What to produce:
Each of the entries below should be written out exactly as it reads.

[Stored data entries]
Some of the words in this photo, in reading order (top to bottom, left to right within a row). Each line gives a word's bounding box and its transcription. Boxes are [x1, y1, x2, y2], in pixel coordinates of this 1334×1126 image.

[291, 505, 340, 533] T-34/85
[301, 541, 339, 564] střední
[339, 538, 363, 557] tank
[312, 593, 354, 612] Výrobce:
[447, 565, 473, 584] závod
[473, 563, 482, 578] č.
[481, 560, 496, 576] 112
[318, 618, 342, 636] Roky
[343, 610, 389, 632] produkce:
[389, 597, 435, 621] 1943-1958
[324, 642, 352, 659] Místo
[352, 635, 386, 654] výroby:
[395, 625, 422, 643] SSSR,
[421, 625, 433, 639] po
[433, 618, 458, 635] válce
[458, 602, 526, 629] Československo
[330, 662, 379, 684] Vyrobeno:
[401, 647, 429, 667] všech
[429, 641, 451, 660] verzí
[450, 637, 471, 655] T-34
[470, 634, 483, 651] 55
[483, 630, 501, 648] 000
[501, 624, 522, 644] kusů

Solution for this problem:
Some of the words in this photo, in reading order (top to bottom, left to right within a row). Each line gives a word's bounding box and its transcription. Boxes are [x1, y1, x2, y2], in pixel coordinates of this 1334×1126 image.

[291, 505, 340, 533] T-34/85
[301, 541, 339, 564] střední
[339, 538, 363, 557] tank
[312, 593, 354, 612] Výrobce:
[447, 565, 473, 584] závod
[473, 563, 482, 578] č.
[481, 560, 496, 576] 112
[318, 618, 342, 636] Roky
[343, 610, 389, 632] produkce:
[389, 597, 435, 621] 1943-1958
[324, 642, 352, 659] Místo
[352, 635, 386, 654] výroby:
[395, 625, 422, 643] SSSR,
[421, 625, 433, 639] po
[433, 618, 458, 635] válce
[458, 602, 526, 629] Československo
[330, 662, 379, 684] Vyrobeno:
[401, 647, 429, 667] všech
[429, 641, 451, 660] verzí
[450, 637, 471, 655] T-34
[470, 634, 483, 651] 55
[483, 630, 501, 648] 000
[501, 624, 522, 644] kusů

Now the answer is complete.